→ THE PROBLEM
Repeat every line of the data exactly, but not the pictures.

→ LISTED RECORDS
__________________________________________________
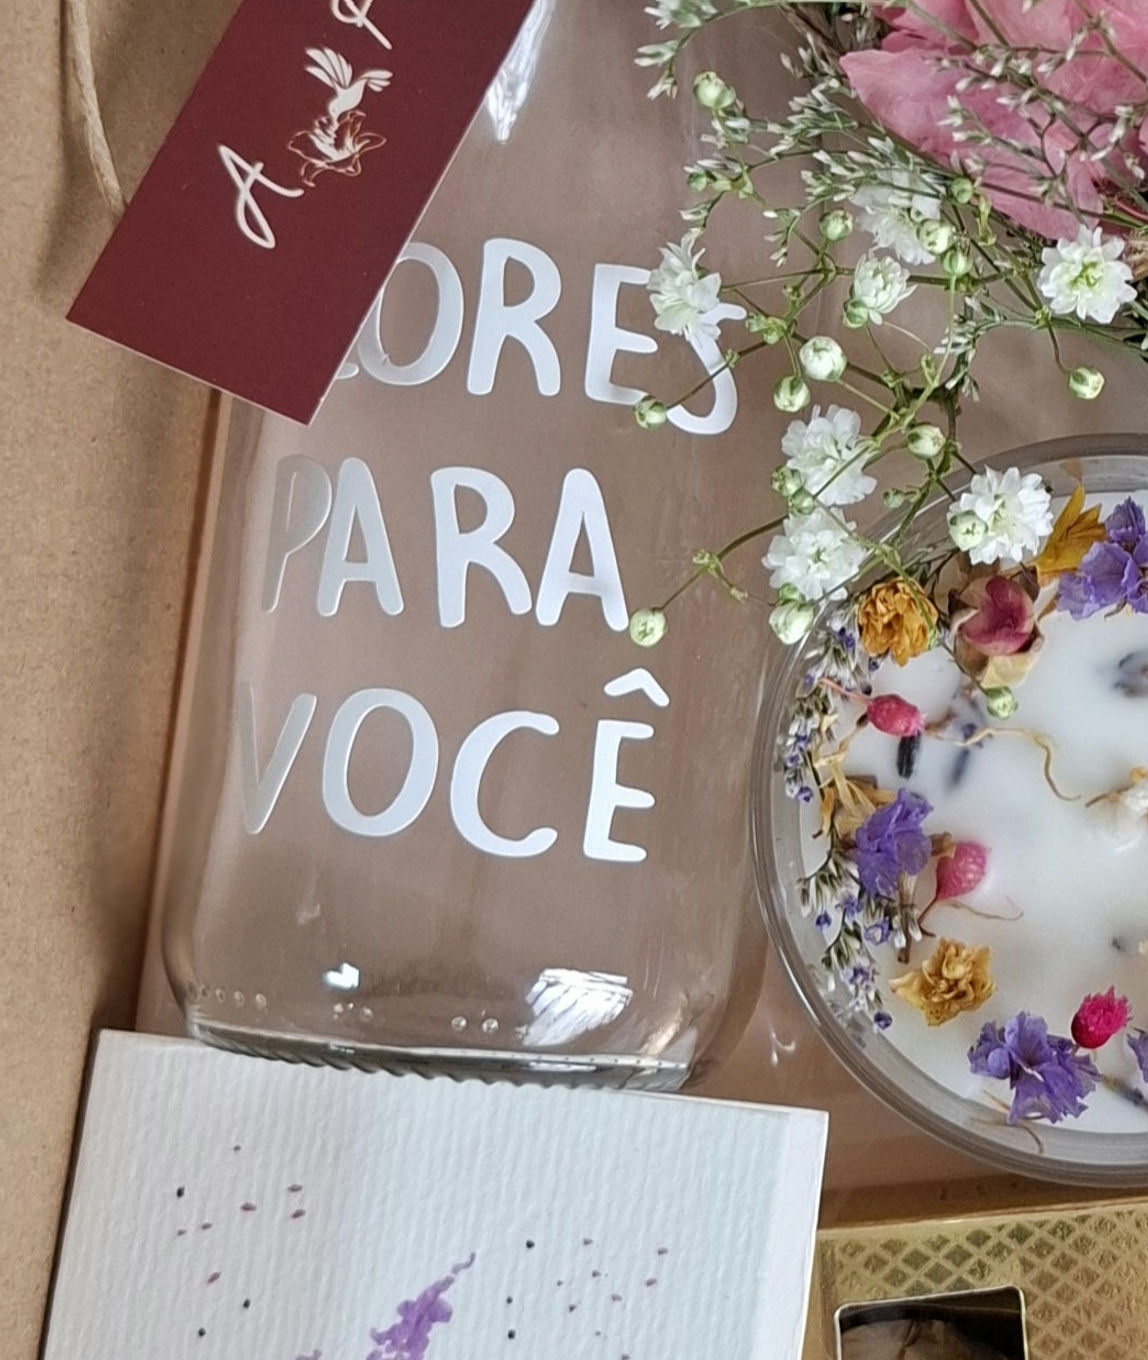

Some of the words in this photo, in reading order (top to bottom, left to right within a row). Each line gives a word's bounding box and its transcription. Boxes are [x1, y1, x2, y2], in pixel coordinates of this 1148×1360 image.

[217, 143, 304, 250] A
[338, 237, 748, 436] ORES
[261, 454, 630, 632] PARA
[238, 667, 670, 862] VOCÊ
__________________________________________________
→ FINAL ANSWER
Some of the words in this photo, in reading order (top to bottom, left to right within a row). Each line gives a word's bounding box and its transcription. Boxes are [x1, y1, x2, y2], in pixel coordinates of this 1148×1360 image.

[217, 143, 304, 250] A
[338, 237, 748, 436] ORES
[261, 454, 630, 632] PARA
[238, 667, 670, 862] VOCÊ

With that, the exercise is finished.